Nanowire fabrication and Kerr microscopy

Devices were patterned from the Heusler films using standard photolithography techniques. First, a monolayer of bistrimethylsilylamine (HMDS), an adhesion promoter, was applied to the film using a Y.E.S. vacuum oven. Then, using spin coating and baking steps, a bilayer resist of ~50 nm of polydimethylglutarimide (PMGI) and ~0.62 μm SPR 670 was applied. The bilayer resist improves the lift-off process and reduces fencing effects. Argon ion milling was used to define the devices and an AlO refill was used to encapsulate them.
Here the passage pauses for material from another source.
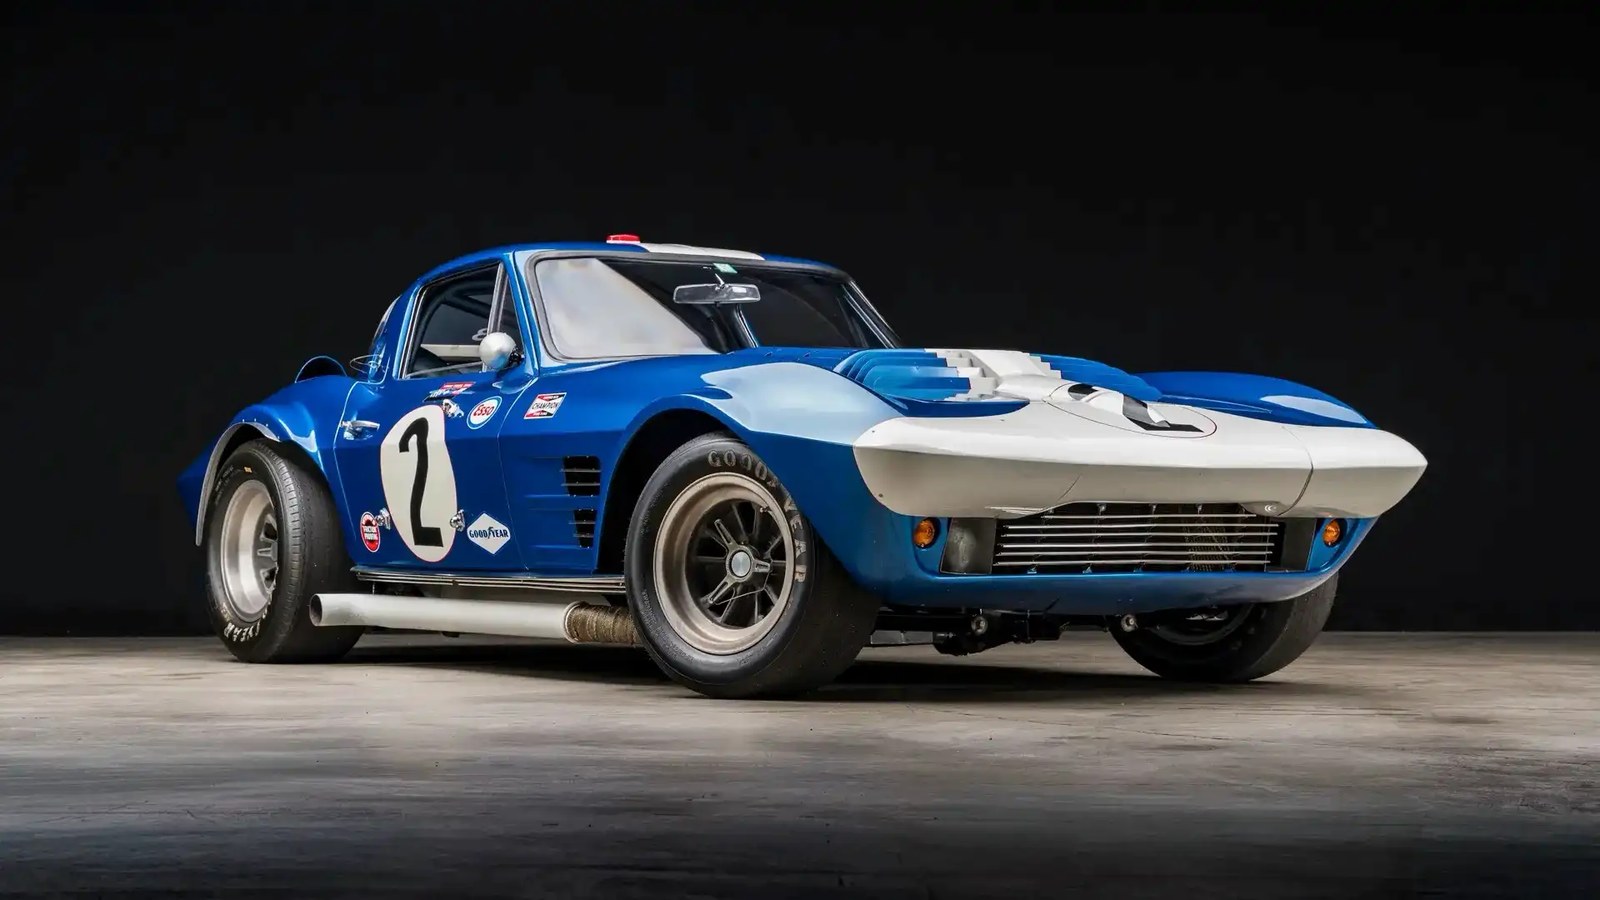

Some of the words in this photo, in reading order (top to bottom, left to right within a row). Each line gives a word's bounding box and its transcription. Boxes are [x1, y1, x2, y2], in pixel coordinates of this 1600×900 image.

The nanowires were made wider at each end to create pads that were used for electrical connections.

The DW motion is studied by first creating a DW in the nanowire and then applying a series of current pulses of variable length tp from 2 to 100 ns and imaging the position of the DW with a magneto-optical Kerr microscope after each current pulse or pulse train. The images shown are obtained by subtracting the initial image at t0 from the image at tn (see Methods and Supplementary Fig. 9). Kerr microscopy images were taken in differential mode, where the initial image is subtracted from each subsequent image. Thus, any changes to the initial magnetic state of the nanowire appear in these images as bright or dark regions (Supplementary Fig. 9), whereas gray regions correspond to no change. The optimum Kerr signal to noise was obtained using high contrast and exposure due to the low moment of the ultrathin ferrimagnetic Heusler films and the transparency of the MgO substrate. Averaging of the images was used to reduce noise.

DWs were injected into the nanowires using the following procedure. Initially the magnetization of the wires was saturated in an out-of-the-film-plane field of 1–3 kOe and the Kerr contrast (dark or bright) corresponding to the magnetization direction (↑ or ↓) was determined. A combination of an opposing out of plane magnetic field, much less than the coercive field, together with high current density pulses was then used to create one or more domains within the wire. The magnetic field was then increased so as to consolidate these domains into a single domain within the wire. Finally, a sequence of field and current pulses was applied to expand this domain preferentially to one side of the wire until there was only a single DW in the wire.

Nanowires with widths of 2, 5, 10, 20 μm and lengths of 25 or 50 μm were studied. A higher current density could be accessed in the shorter wires due to the limited voltage output of the pulse generator. Electrical connections were made to the contact pads by ultrasonic wire bonding using 25 μm diameter aluminum wires. Nanosecond long voltage pulses were generated by a 10,300B Picosecond Pulse Laboratory generator. Small dc currents from 0.1 to 10 μA were used to simultaneously measure the device resistance using a bias tee. For samples with very low Jc, small dc currents were used (0.1–1 μA) so as to avoid moving the DWs. The dc current was used to check that the wire resistance was unchanged and that the wire was not damaged by application of the voltage pulses. The current pulse density was calculated from the pulse voltage (multiplied by 2), nanowire resistance and width and thickness of the conducting layers (CTL, Heusler and overlayers CoGa, Pt, W). The 20 Å Ta capping layer was assumed to be fully oxidized. Since the Heusler layers have higher resistivities than the CTLs the estimated current density is an upper limit.

Code availability

The code that supports the findings of this study is available from the corresponding author upon reasonable request.